Here is a list of all files in the directory:
 

File

Meaning

correct.ma  Correct tRNA multiple alignment with basepairing indicated.
new.parse  Parse of the new sequences created in the tutorial.
new.seq  Sequences to be used in the tutorial.
newall.parse  Parses of training sequences and the new sequences created in tutorial.
result.align.0
result.align.1
result.align.2
 Alignment of the training set for the three iterations of training.
result.constraints.0
result.constraints.1
result.constraints.2
 Constraints on the parses for three iterations. If you do not have the HMM package the .1 and .2 files will have zero length.
result.hmm.0.mod
result.hmm.1.mod
result.hmm.2.mod
 HMMs for the training set for three iterations. Will not be present without the HMM package.
result.meta  A high-level description of the tRNA multiple alignment created by the training script.
result.parse.0
result.parse.1
result.parse.2
 Parses of the training set for three iterations.
result.seq  The training set sequences pulled from the training multiple alignment.
result.tdgrammar  A grammar with garbage probabilities.
result.tdgrammar.0
result.tdgrammar.1
result.tdgrammar.2
 Estimated grammars for the three iterations.

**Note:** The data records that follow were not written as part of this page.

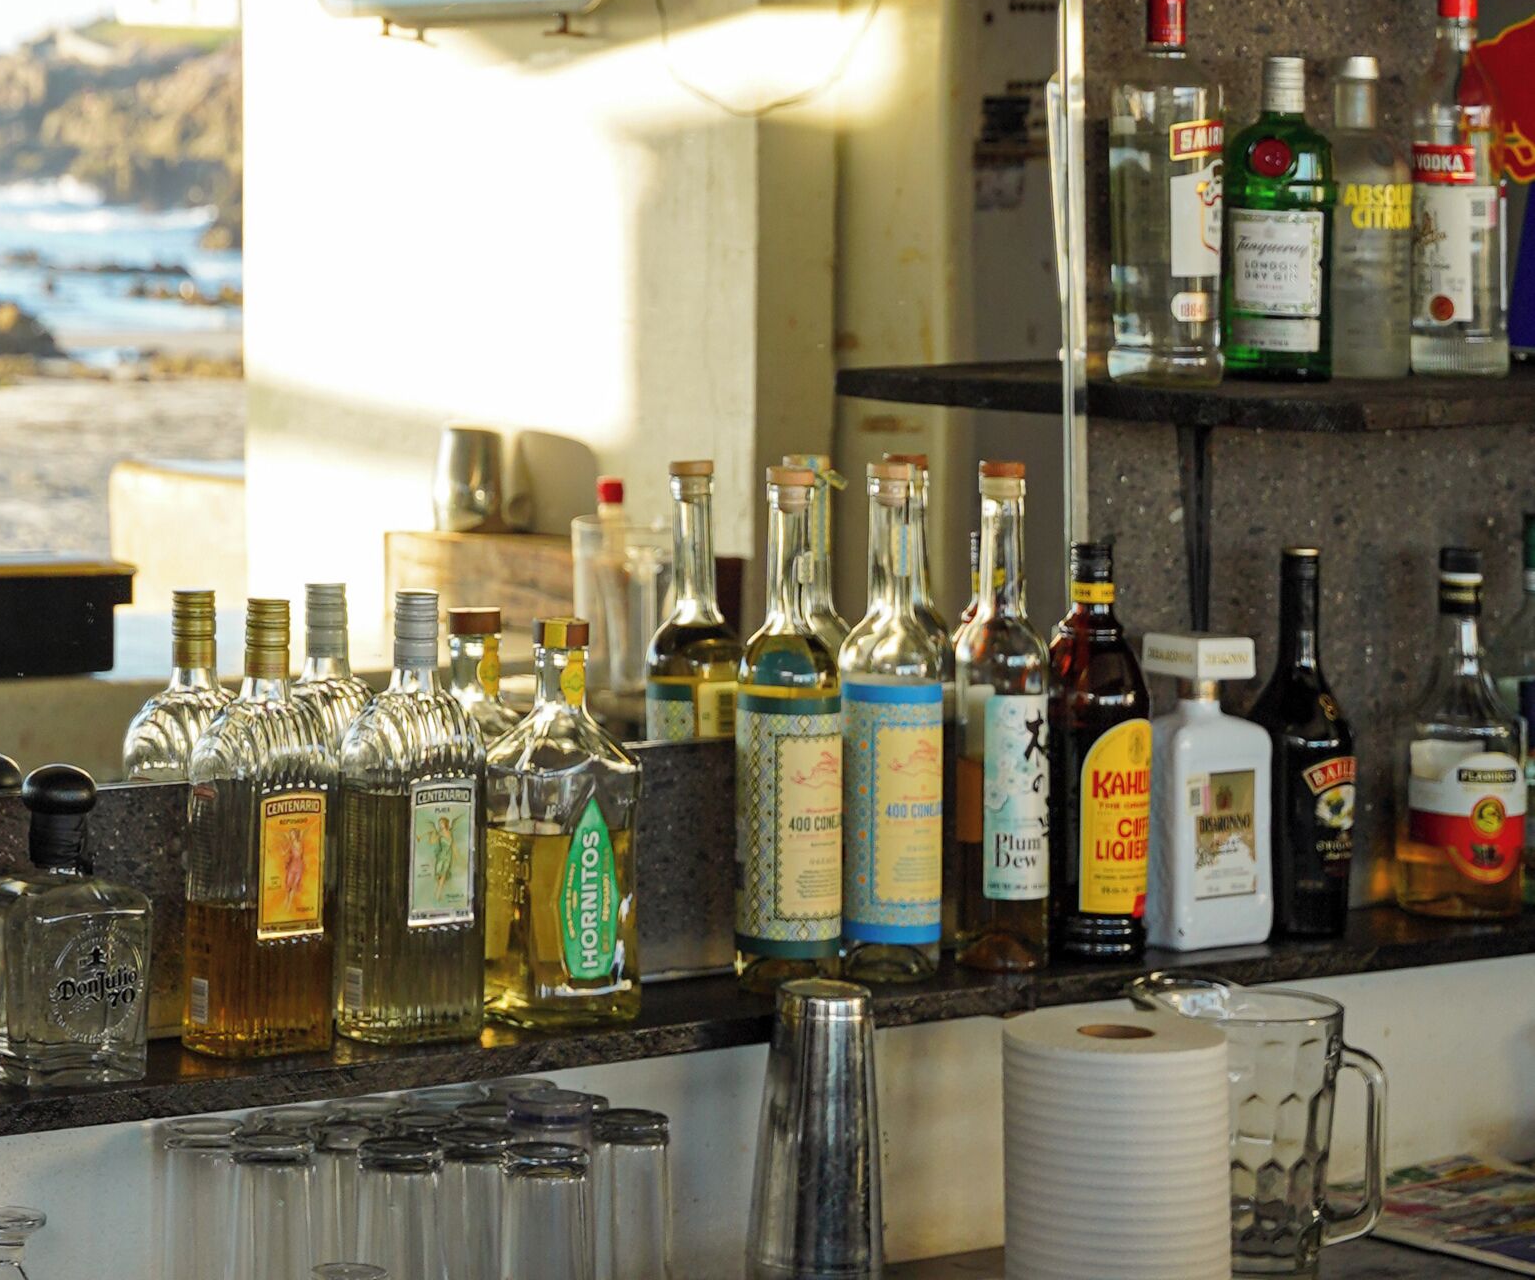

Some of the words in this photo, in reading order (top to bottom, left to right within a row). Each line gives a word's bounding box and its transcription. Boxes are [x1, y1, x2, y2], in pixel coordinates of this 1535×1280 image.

[1416, 154, 1464, 172] VODKA
[1244, 262, 1299, 271] LONDON
[1244, 271, 1267, 281] DRY
[1273, 271, 1299, 281] GIN
[417, 790, 470, 805] CENTENARIO
[267, 799, 320, 816] CENTENARIO
[886, 803, 908, 818] 400
[788, 816, 811, 831] 400
[995, 832, 1041, 851] Plum
[994, 849, 1039, 869] Dew
[580, 830, 601, 968] HORNITOS
[108, 986, 136, 1008] 70

result.tdgrammar.FIM.2  The final grammar with FIMs that allow junk sequence on the begining and the end.
result.tdgrammar.null  A grammar with prior probabilities (estimated with NO sequences, just the prior)

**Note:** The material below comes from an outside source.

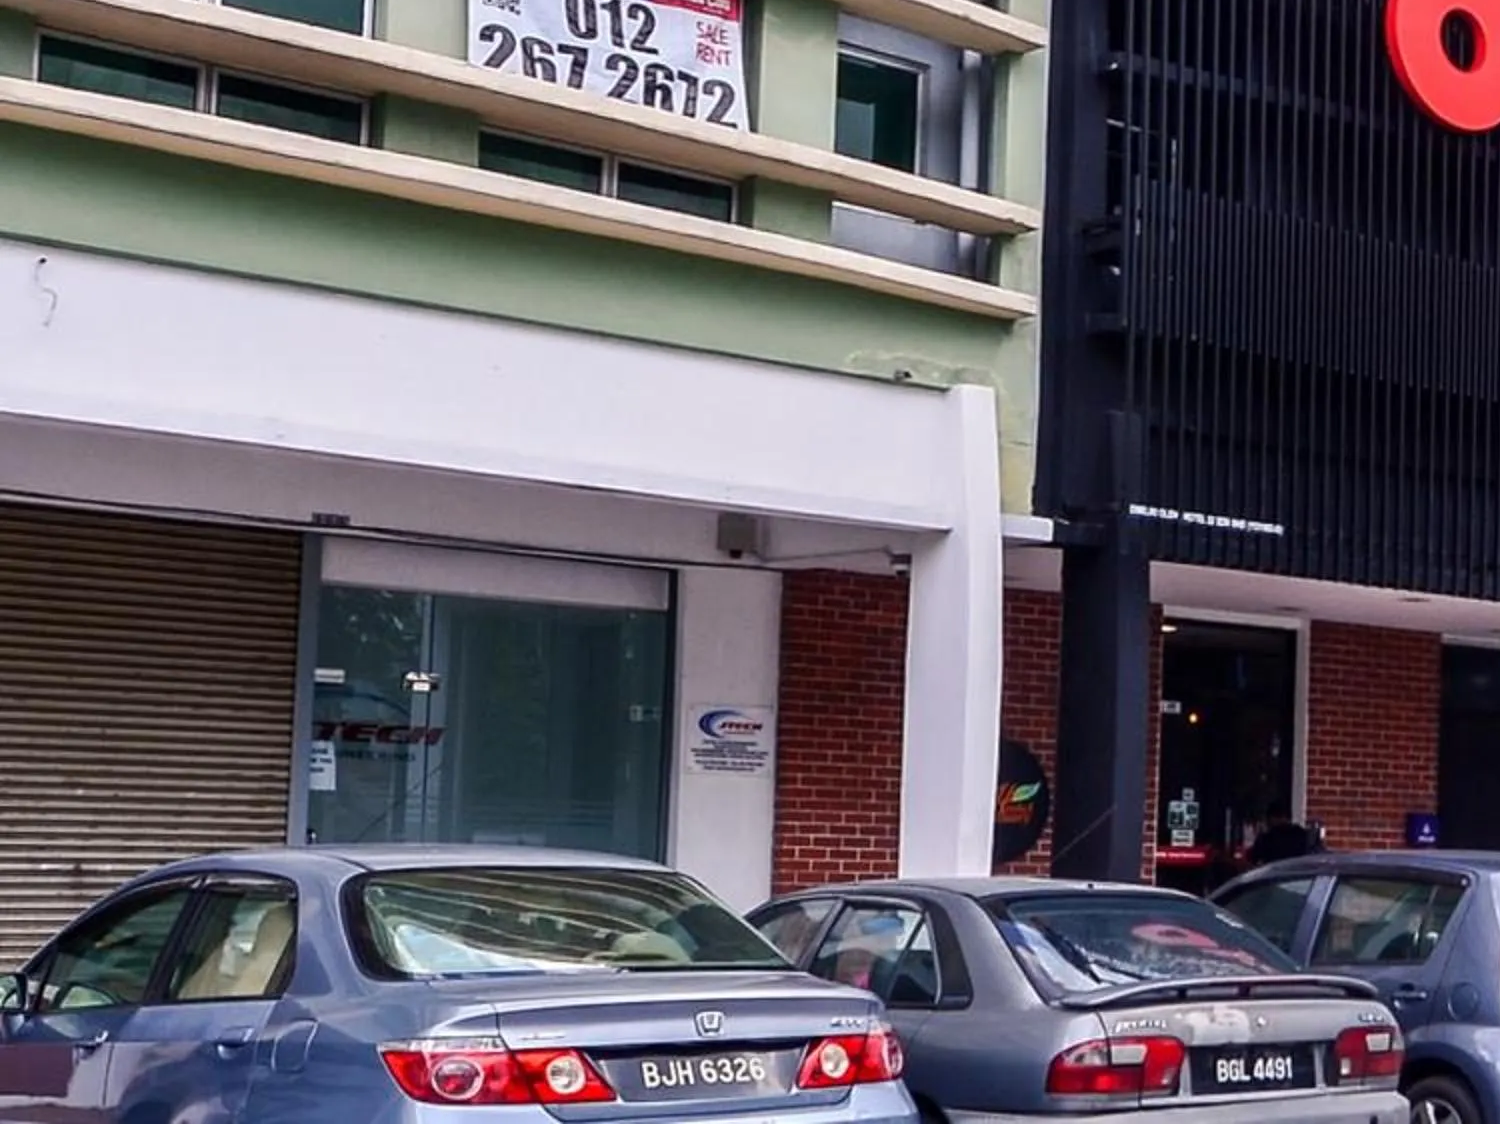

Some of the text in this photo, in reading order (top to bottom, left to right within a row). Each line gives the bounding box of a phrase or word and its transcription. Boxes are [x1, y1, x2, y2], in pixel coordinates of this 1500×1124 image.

[479, 24, 738, 129] 267 2672
[642, 1057, 765, 1089] BJH 6326
[1216, 1056, 1293, 1083] BGL 4491

runtRNA.exe  The script that trains the grammar
trna.ma  Input multple alignment of tRNA.
trna_1.bp  Input list of basepairs for the typical sequences that is used to infer basepairs for the multiple alignment.
trna_1.constraints  A list of constraints on the typical sequence that forces the parse to correctly account for basepairs. 
trna_1.parse  A parse of the typical sequence that correctly accounts for basepairs.
trna_1.seq  Input primary sequence of the typical sequence.
tutorial_tRNA.html  This tutorial file.